Printemps du cinéma arabe à Paris : une deuxième édition entre vitalité et nouveaux défis

 

L’association du cinéma euro-arabe (ACEA) organise ce week-end la deuxième édition du Printemps du cinéma arabe. Le cinéma La Clef, rue Daubenton à Paris, abrite le festival. Après une première édition et des films inscrits au cœur des événements, l’édition 2012 est l’occasion d’une mise en perspective. « La trentaine de films que nous présentons sont très diversifiés, c’est ce qui fait leur richesse, expose Marie-Claude Behna, présidente d’ACEA. Ils témoignent des bouleversements dans ces pays, mais la création a aussi sa propre logique, indépendante de la situation. »

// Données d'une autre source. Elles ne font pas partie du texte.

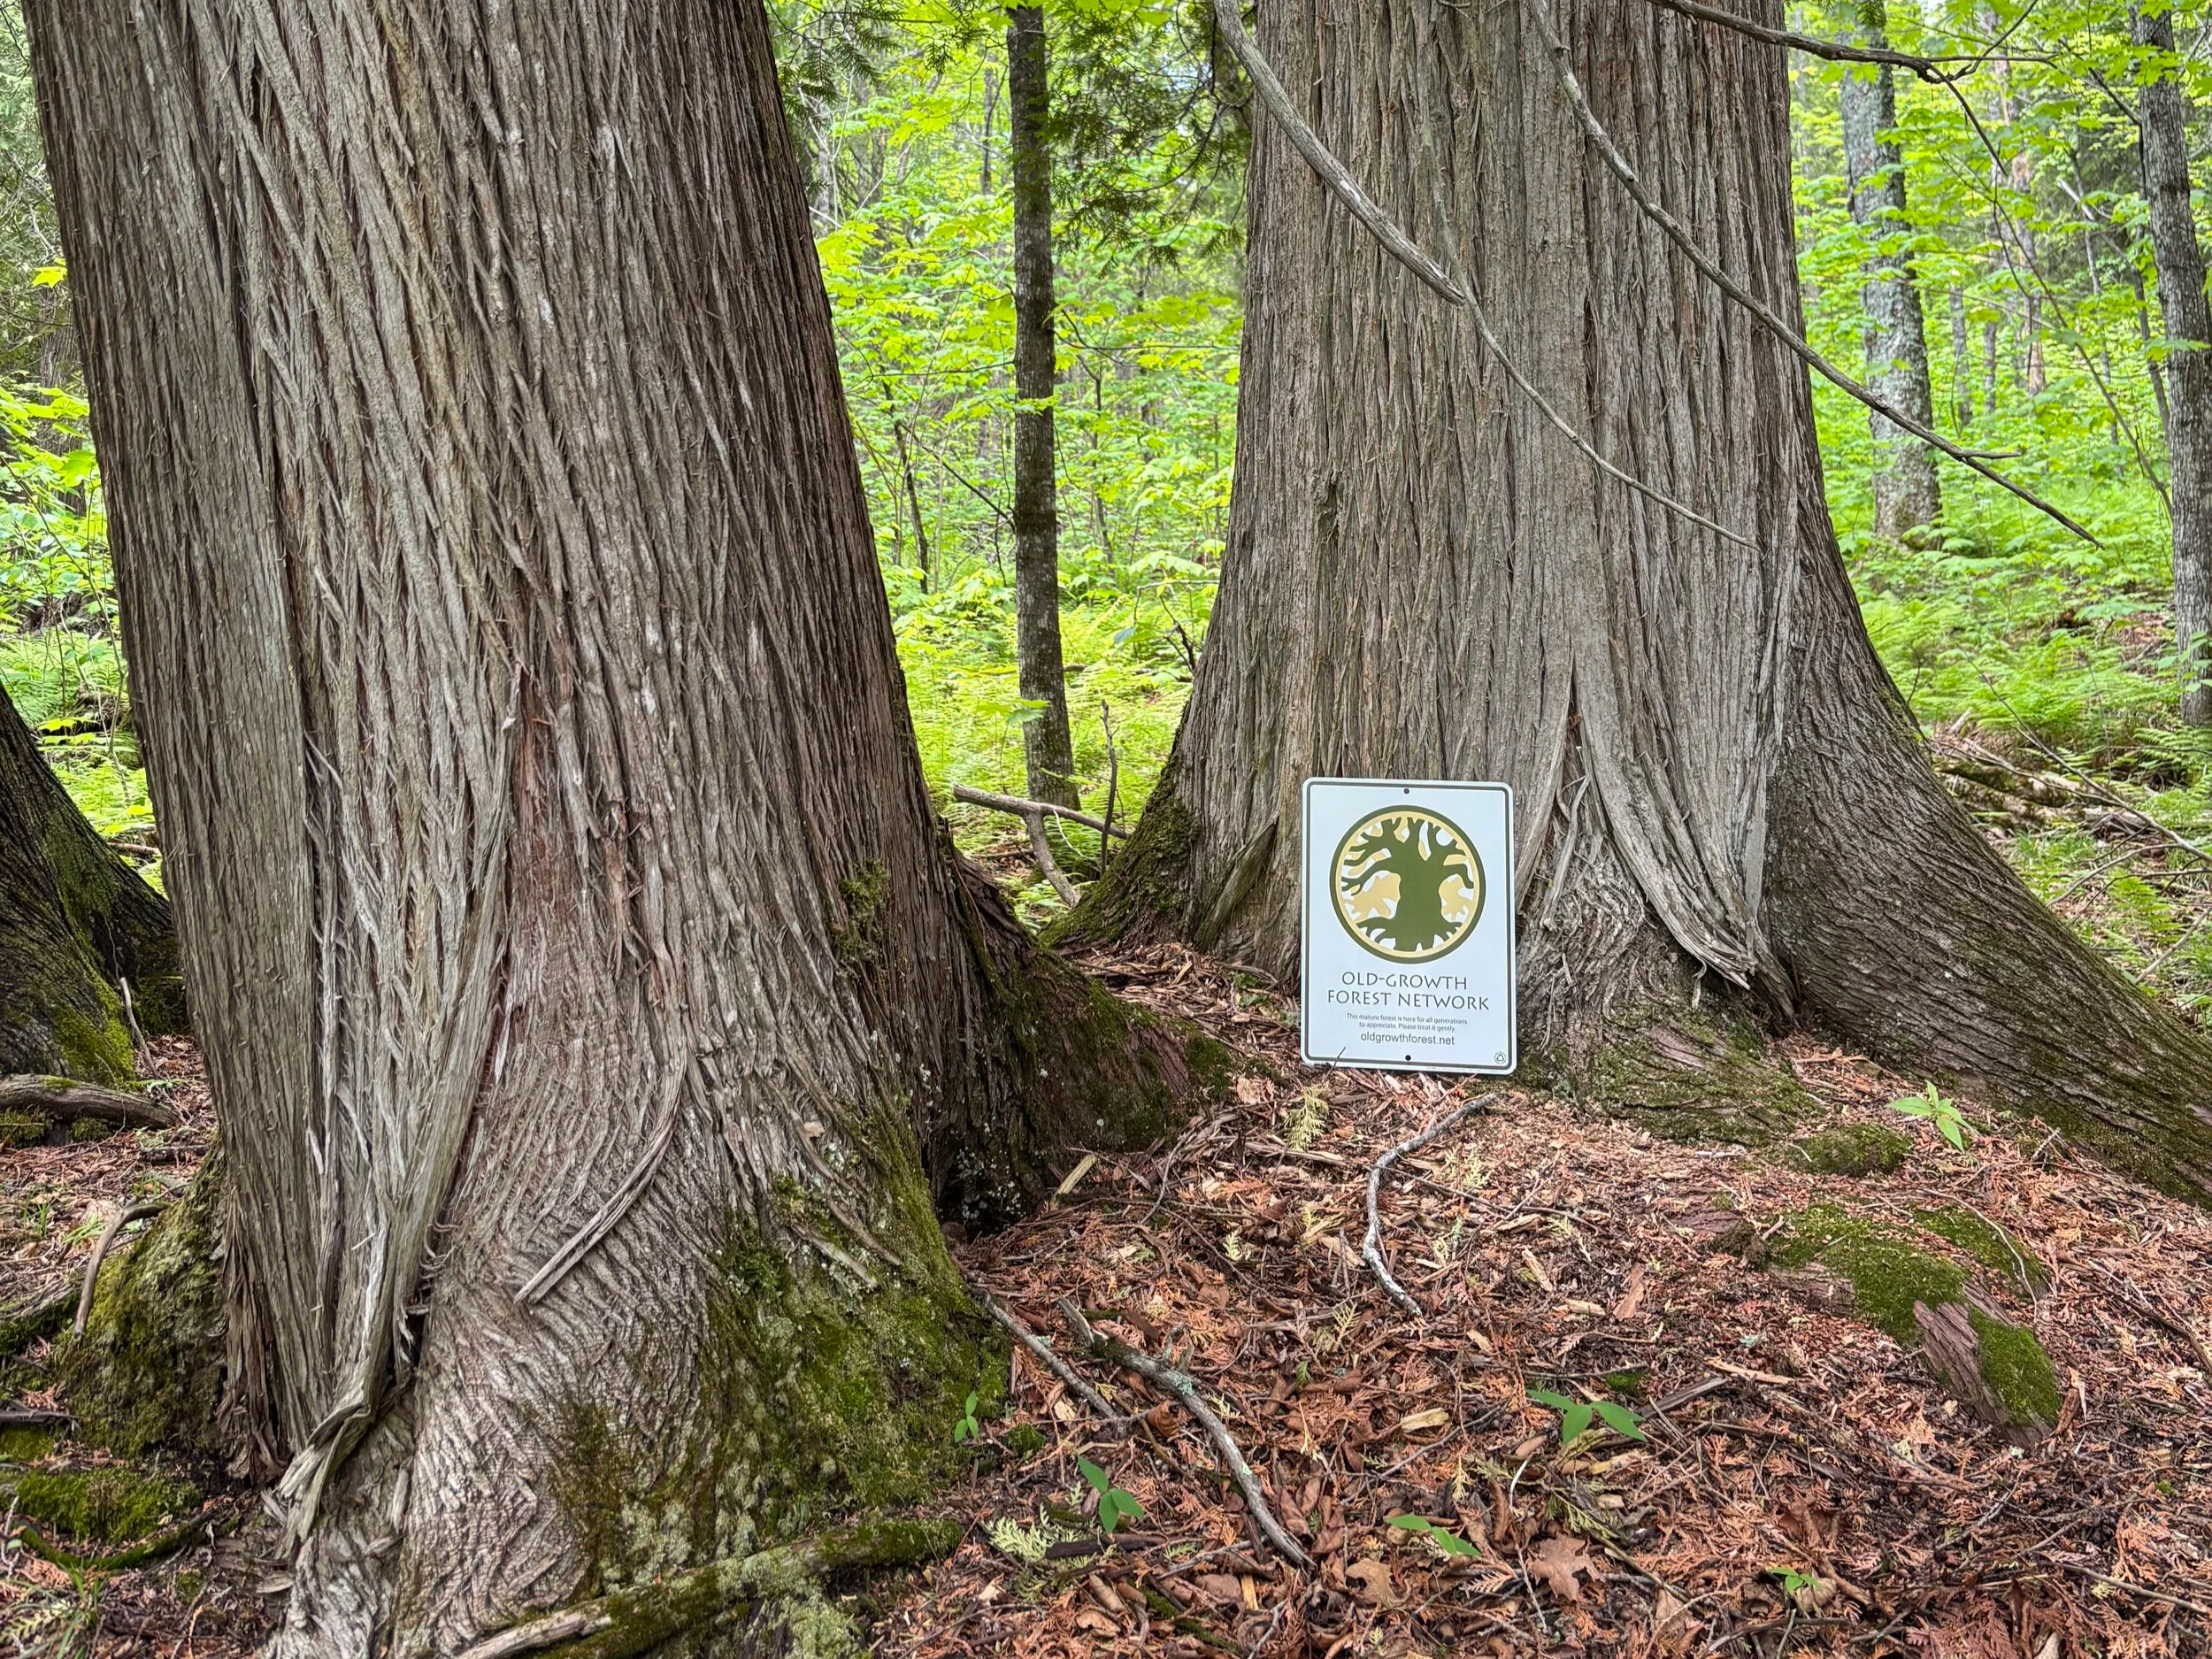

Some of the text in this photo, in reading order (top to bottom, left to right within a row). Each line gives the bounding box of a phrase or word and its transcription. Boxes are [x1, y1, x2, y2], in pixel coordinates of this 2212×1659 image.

[1341, 972, 1467, 990] OLD-GROWTH
[1328, 989, 1489, 1010] FOREST NETWORK
[1360, 1032, 1455, 1045] oldgrowthforest.net

Les révolutions arabes ont créé un véritable appel d’air pour la création cinématographique. « Il y a clairement un avant et un après », affirme Marie-Claude Behna. Énormément de petites sociétés de production indépendantes sont apparues. Malgré leurs petits moyens, elles ont plus de liberté et le courage de faire du cinéma comme elles l’entendent, sans compromissions. La présidente d’ACEA cite Babylon, documentaire tunisien programmé le 30 septembre : «Il a été fait avec trois-francs-six-sous, mais son sujet est très libre ». Consacré au sort des immigrés africains chassés de Libye au printemps 2011, le film a reçu en juillet dernier le Grand prix international au festival du documentaire de Marseille.

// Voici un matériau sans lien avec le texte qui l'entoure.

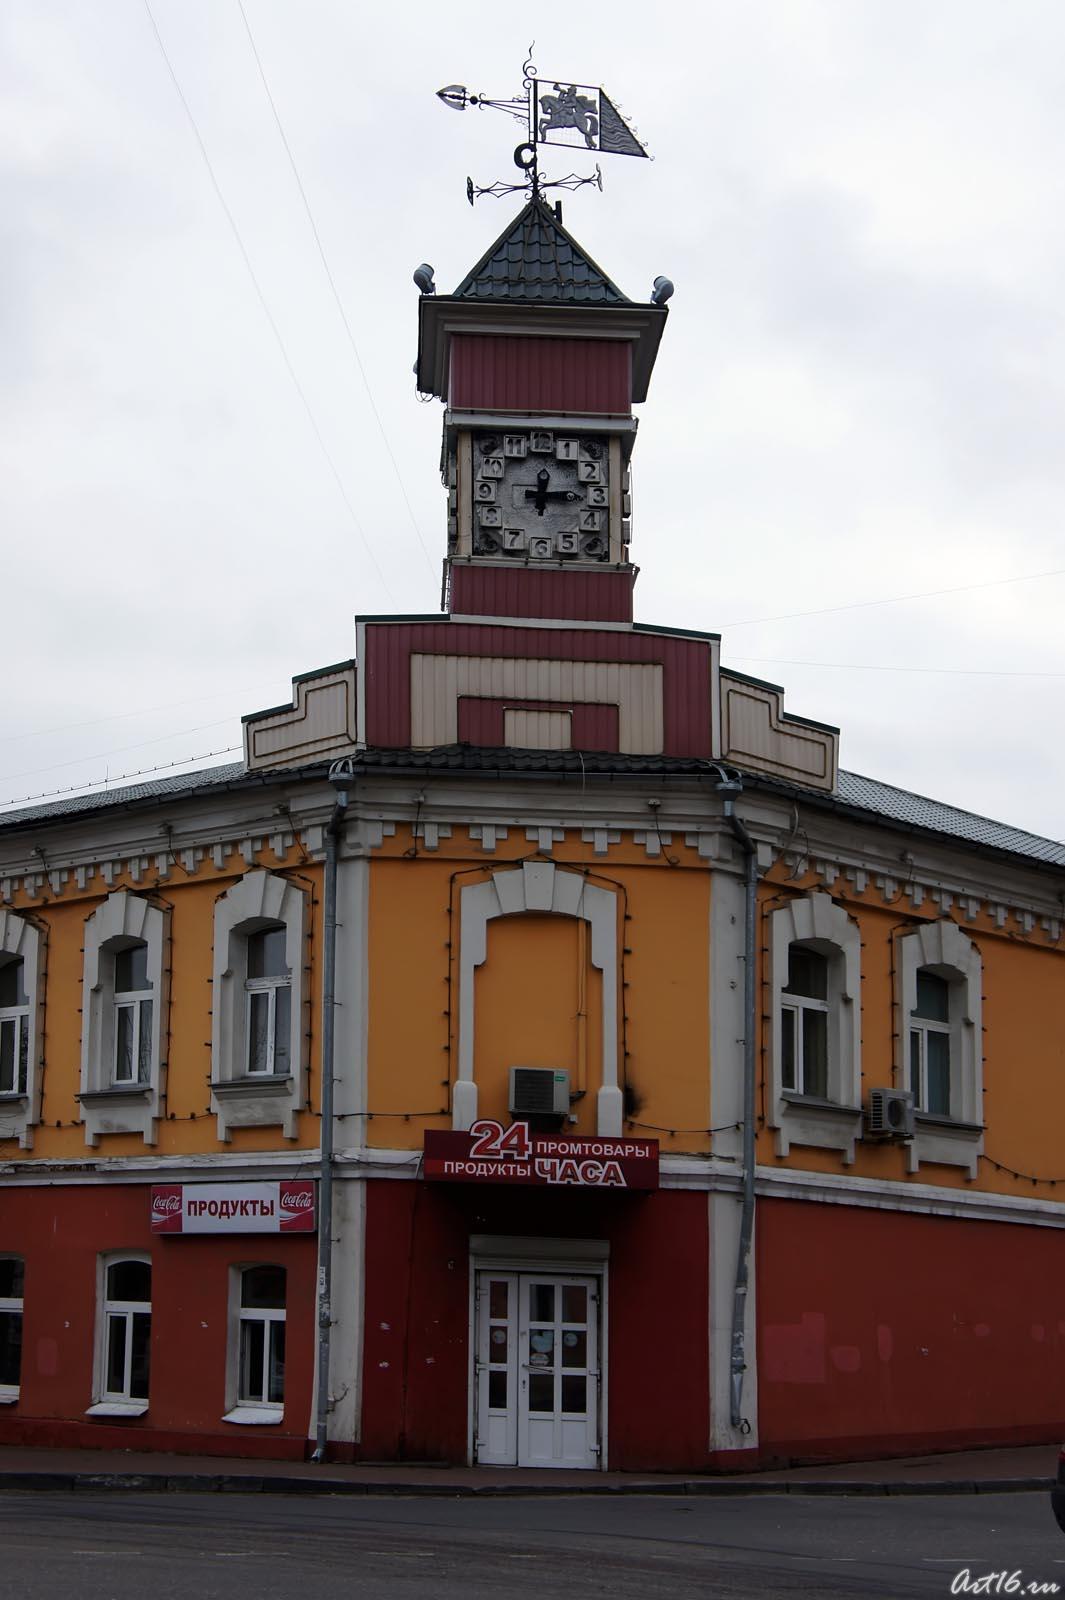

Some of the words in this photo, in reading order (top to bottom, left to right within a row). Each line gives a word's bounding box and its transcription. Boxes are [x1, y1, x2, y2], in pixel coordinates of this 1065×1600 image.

[507, 438, 522, 455] 11
[563, 442, 570, 458] 1
[584, 463, 596, 480] 2
[478, 483, 492, 499] 9
[593, 488, 605, 504] 3
[583, 512, 597, 528] 4
[508, 531, 520, 547] 7
[562, 535, 574, 550] 5
[535, 540, 548, 555] 6
[469, 1120, 532, 1160] 24
[536, 1141, 649, 1158] ПРОМТОВАРЫ
[444, 1161, 531, 1177] ПРОДУКТЫ
[534, 1158, 627, 1187] ЧАСА
[187, 1200, 275, 1219] ПРОДУКТЫ

Ce cinéma indépendant naissant est tributaire de la tournure des révolutions en cours dans le monde arabe. Pour le moment, malgré plusieurs épisodes inquiétants, notamment en Tunisie, Marie-Claude Belhoun affirme qu’« on n’en est pas encore à un bras de fer entre islamistes et cinéastes, aucun tournage n’a encore été arrêté à ma connaissance ». Mais « tout le monde est conscient que ce bras de fer va venir, ajoute-t-elle. Les gens sont conscients des contradictions entre les idéaux et une réalité moins rose. Pour continuer à exercer leur art, ils sont prêts à entrer en résistance et à contourner les obstacles potentiels créés par les islamistes ». Plusieurs réalisateurs débattront des nouveaux défis auxquels ils sont confrontés lors d’une table ronde samedi.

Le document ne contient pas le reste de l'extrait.